The relative efficacies of multiple chemical peelings for the treatment of actinic keratosis (AK) were outlined in study data published in the Journal of the European Academy of Dermatology and Venereology. In a systematic literature review, chemical peelings containing 5-fluorouracil (5-FU), trichloroacetic acid (TCA), Jessner’s solution, and glycolic acid were examined. Although each chemical peeling demonstrated some level of efficacy, all studies showed significant risk for bias, underscoring the need for further research on chemical exfoliants for the treatment AK.

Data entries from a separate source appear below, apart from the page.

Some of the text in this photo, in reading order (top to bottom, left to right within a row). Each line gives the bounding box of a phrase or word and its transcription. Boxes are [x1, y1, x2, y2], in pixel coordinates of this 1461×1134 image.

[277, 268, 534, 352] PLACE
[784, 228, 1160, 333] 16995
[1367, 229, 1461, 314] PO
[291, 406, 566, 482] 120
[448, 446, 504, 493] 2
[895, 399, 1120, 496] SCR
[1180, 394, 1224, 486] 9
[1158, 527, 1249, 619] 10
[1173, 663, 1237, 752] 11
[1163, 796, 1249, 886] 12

Investigators conducted a systematic search of the Medline, Embase, and CENTRAL databases from inception through 2019 for any trial examining the efficacy of chemical peelings for the treatment of AK. Eligible studies enrolled adult patients (18 years of age or older) with a clinical or histopathological diagnosis of AK. Chemical peelings of interest included Jessner’s solution, glycolic acid, trichloroacetic acid (TCA), salicylic acid, and any other chemically exfoliative peeling at any concentration. The following efficacy endpoints were extracted from studies: participant complete clearance, or the proportion of treated patients who cleared all baseline lesions; lesion complete clearance, or the number of cleared lesions after treatment; and mean lesion reduction rate per patient. Risk ratios (RRs) were calculated to estimate the relative likelihood of study outcomes with each treatment modality. Secondary outcomes included treatment-related pain and other safety signals. Risk for bias in each study was assessed using various tools, including the Cochrane risk for bias tool.

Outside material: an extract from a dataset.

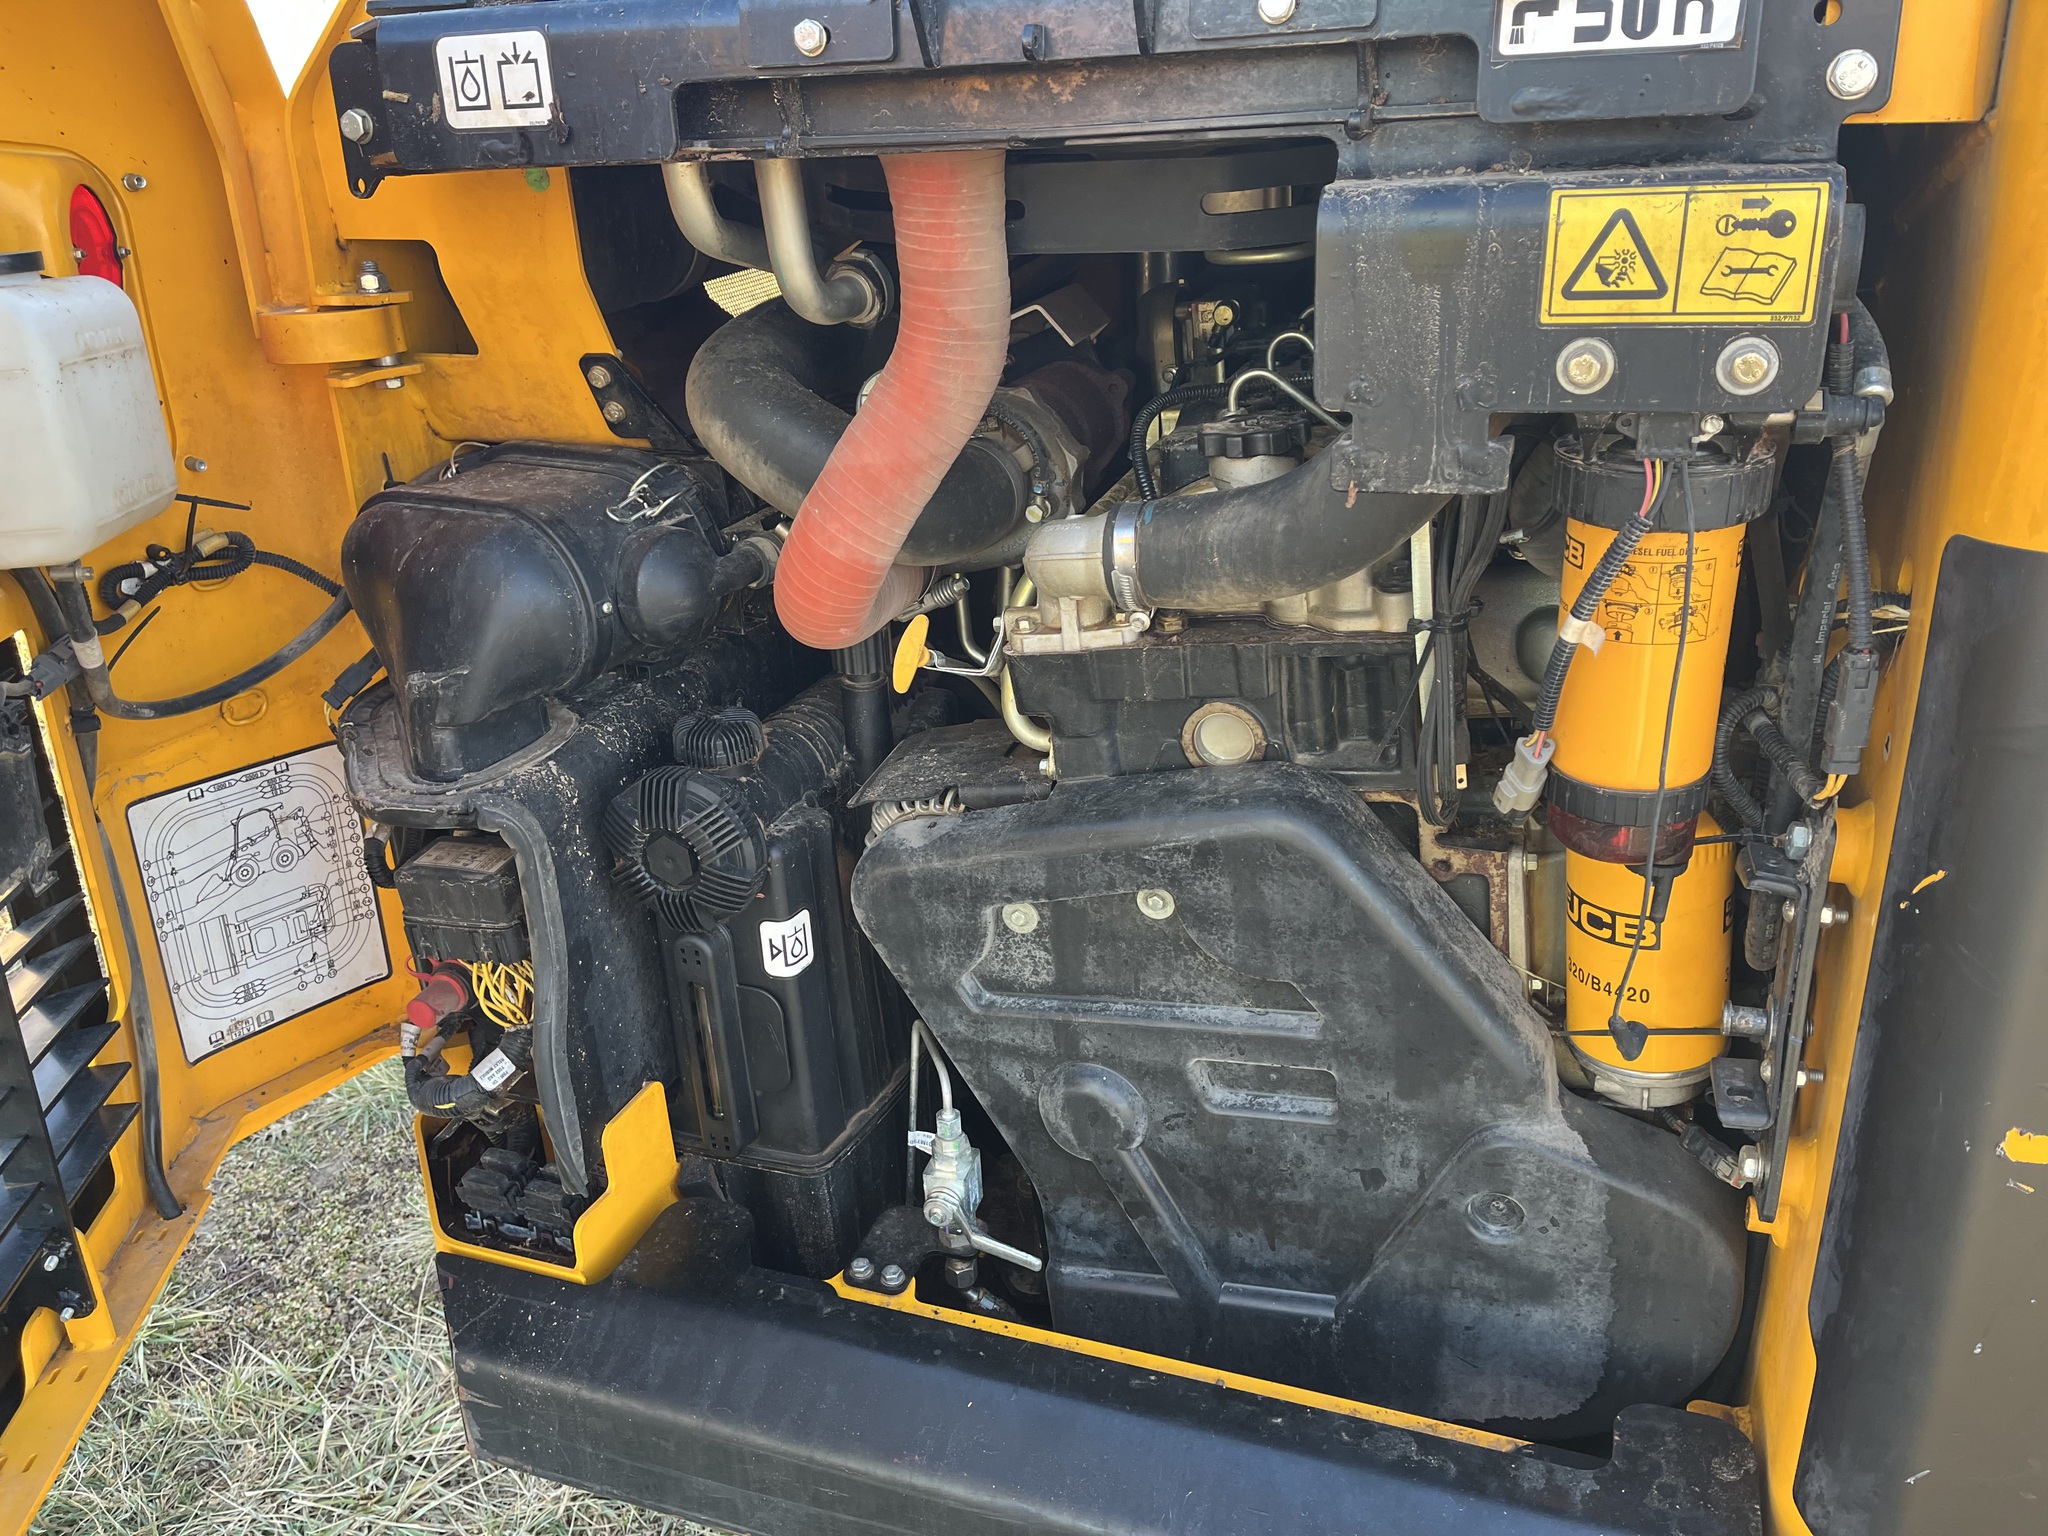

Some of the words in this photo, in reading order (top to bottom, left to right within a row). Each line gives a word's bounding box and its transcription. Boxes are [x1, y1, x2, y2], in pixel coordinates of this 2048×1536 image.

[1656, 548, 1677, 557] FUEL
[1815, 601, 1832, 644] Imperial
[1828, 562, 1841, 590] Auto

In total, 8 studies with a pooled sample size of 170 patients were included in the final review. There were 4 randomized controlled trials; 2 were nonrandomized controlled trials and 2 were single-arm studies. Included were 2 studies compared 5-FU 5% cream to TCA 35% peeling in combination with Jessner’s solution for AKs of the face. In both of these studies, TCA 35% and Jessner’s solution showed significantly lower participant complete clearance compared with 5-FU 5% cream (RR, 0.36; 95% confidence interval [CI], 0.14-0.90; n=2 studies). TCA 35% and Jessner’s solution also achieved lower lesion complete clearance compared with 5-FU 5% (RR, 0.92; 95% CI, 0.85-0.99; n=1 study). Glycolic acid 70% in combination with 5-FU 5% solution was compared with glycolic acid monotherapy in 1 study; the 2 intervention arms did not have substantially different results with respect to patient complete clearance. It was noted that lesion complete clearance was higher with the combined treatment option compared with glycolic acid monotherapy (RR, 5.87; 95% CI, 4.39-7.85; n=1 study). In a single-arm study that also assessed 5-FU 5% cream in combination with glycolic acid, the lesion complete clearance rate was 92%. However, in a single-arm study, 5-FU combined with glycolic acid 70% had lower patient complete clearance compared with a 100% phenol peeling solution (30% vs 90.6% clearance).

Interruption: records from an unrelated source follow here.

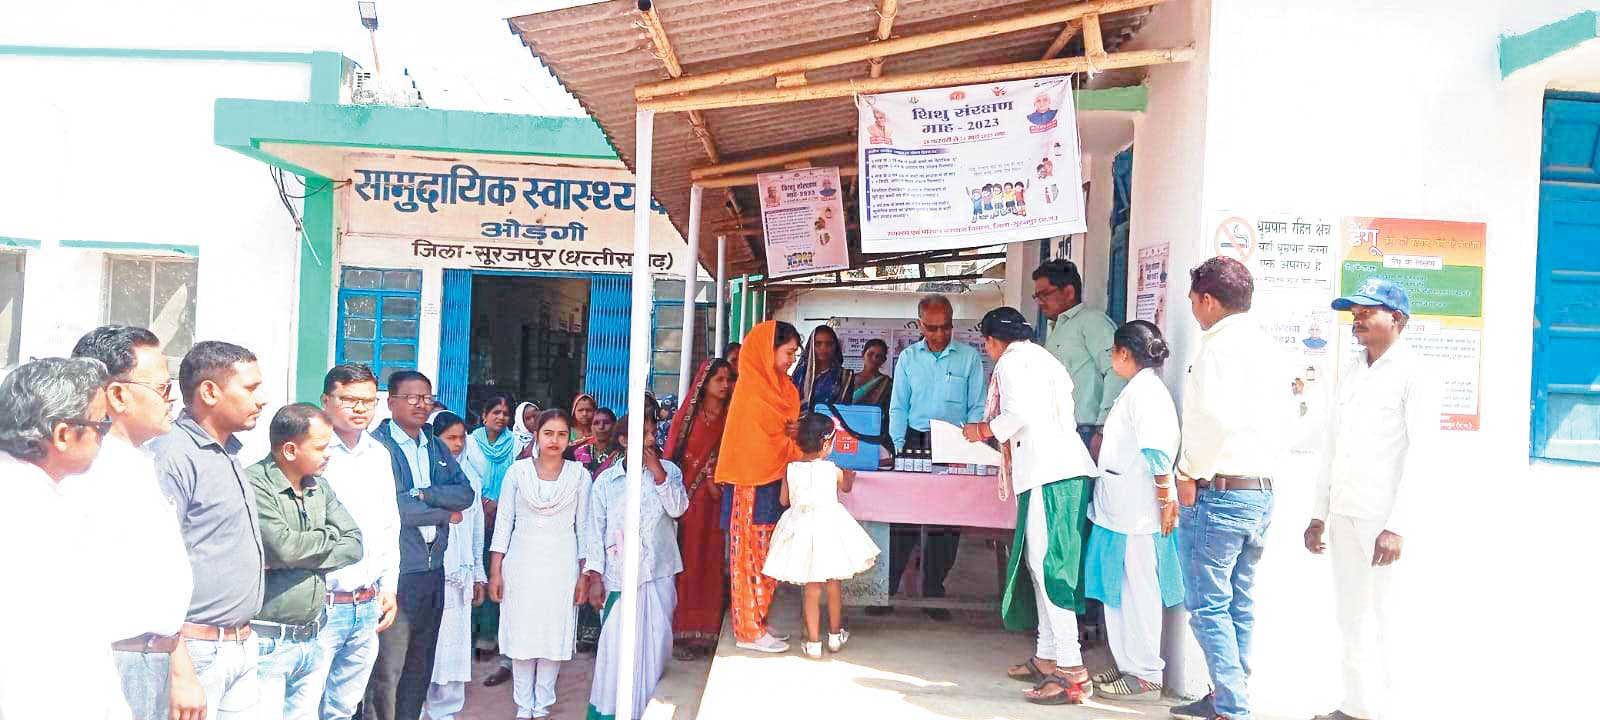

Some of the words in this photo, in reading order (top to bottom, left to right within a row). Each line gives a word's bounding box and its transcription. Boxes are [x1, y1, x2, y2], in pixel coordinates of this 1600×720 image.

[912, 107, 950, 122] शिशु
[953, 101, 1014, 118] संरक्षण
[921, 123, 954, 134] माह
[967, 118, 1000, 131] 2023
[354, 164, 520, 213] सामुदायिक
[1292, 217, 1312, 236] रहित
[1316, 217, 1331, 236] क्षेत्र
[1307, 244, 1329, 255] करना
[1260, 259, 1275, 270] एक
[1281, 260, 1311, 272] अपराध
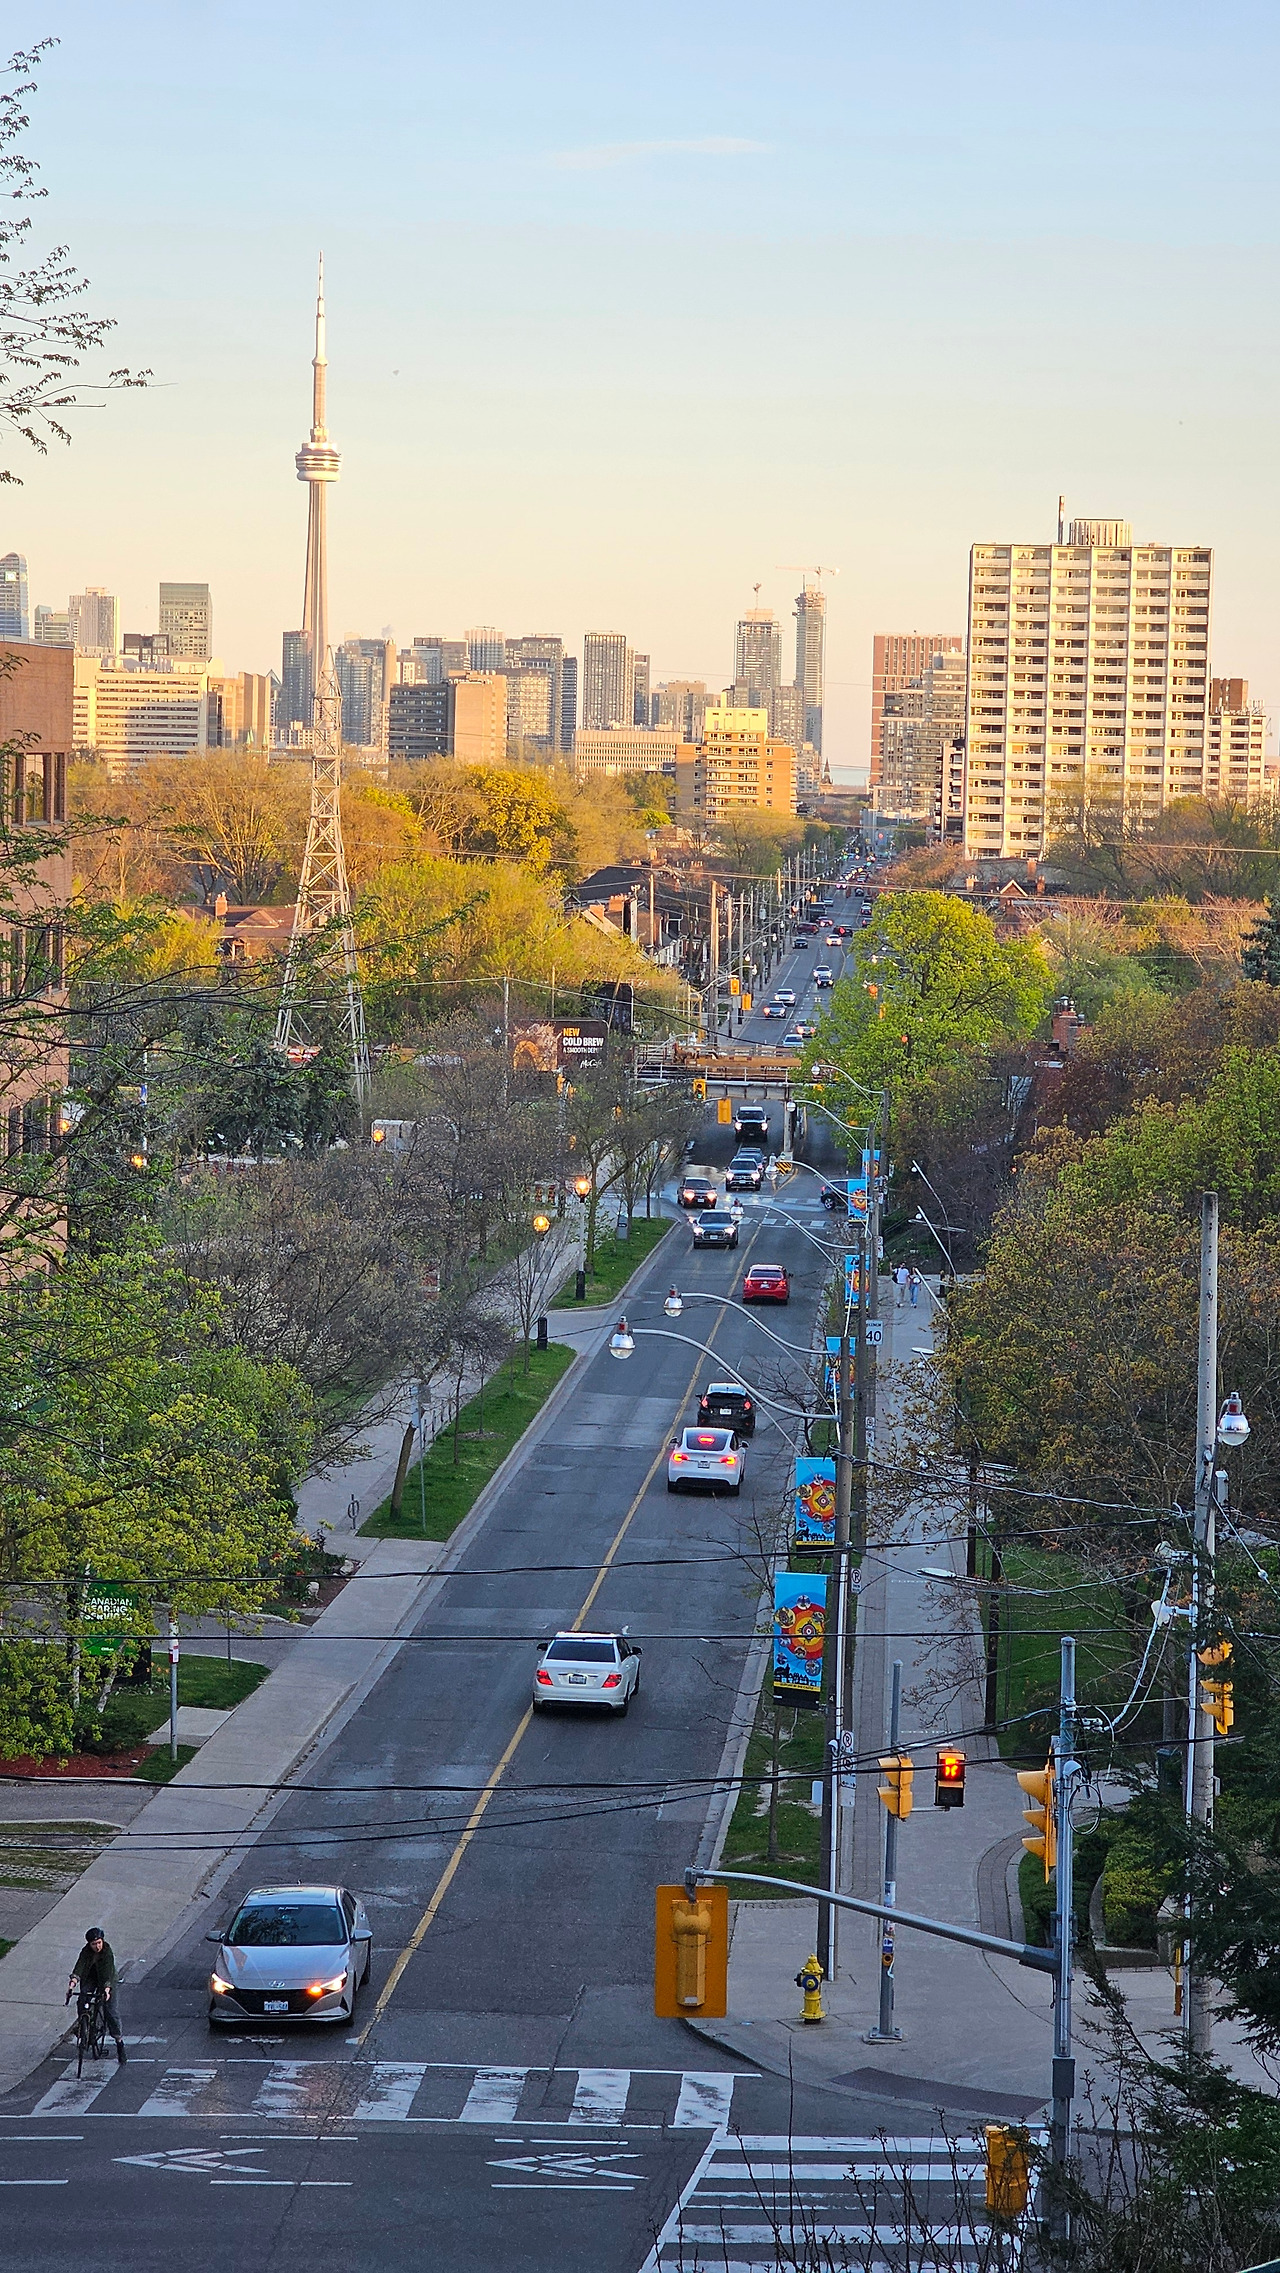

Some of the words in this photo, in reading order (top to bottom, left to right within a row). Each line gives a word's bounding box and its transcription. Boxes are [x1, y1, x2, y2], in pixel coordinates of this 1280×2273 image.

[563, 1027, 580, 1037] NEW
[562, 1037, 583, 1047] COLD
[583, 1037, 604, 1047] BREW
[567, 1046, 587, 1054] SMOOTH
[866, 1330, 882, 1342] 40

Mean lesion reduction rates appeared comparable between TCA 35% with Jessner’s solution and 5-FU 5% cream. However, using pooled data from 2 studies, TCA alone showed a lower lesion reduction rate compared with conventional photodynamic therapy (P =.0003). The combination of 5-FU 5% and glycolic acid 70% had a substantially higher mean lesion reduction rate compared with glycolic acid 70% monotherapy (P <.0001). Pain, scarring, and side effects were relatively mild for all treatment modalities. However, in 2 studies, pain was more pronounced in patients treated with photodynamic therapy compared with TCA (P =.01).
All 8 studies were at high risk for bias, including selection bias, confounding, and data missingness.
The investigators believe that, based on their findings, there are many potentially effective chemical peeling options for patients with AKs. The efficacy and safety information on each of these treatment modalities is limited, however, and all selected studies displayed risk for bias. Long-term data were also not available.
“[In this paper], we present an up-to-date and comprehensive analysis to guide the use of chemical peelings for the treatment of AK, both for clinical practice and future guideline recommendations,” investigators wrote. “We conclude that future high-quality studies and harmonizing and standardizing peeling protocols are necessary to determine the value of chemical peelings in the treatment of AK.”
Disclosure: Several study authors declared affiliations with the pharmaceutical industry.
Please see the original reference for a full list of authors’ disclosures.
Steeb T, Koch EAT, Wessely A, et al. Chemical peelings for the treatment of actinic keratosis: a systematic review and meta-analysis. J Eur Acad Dermatol Venereol. 2021;35(3):641-649.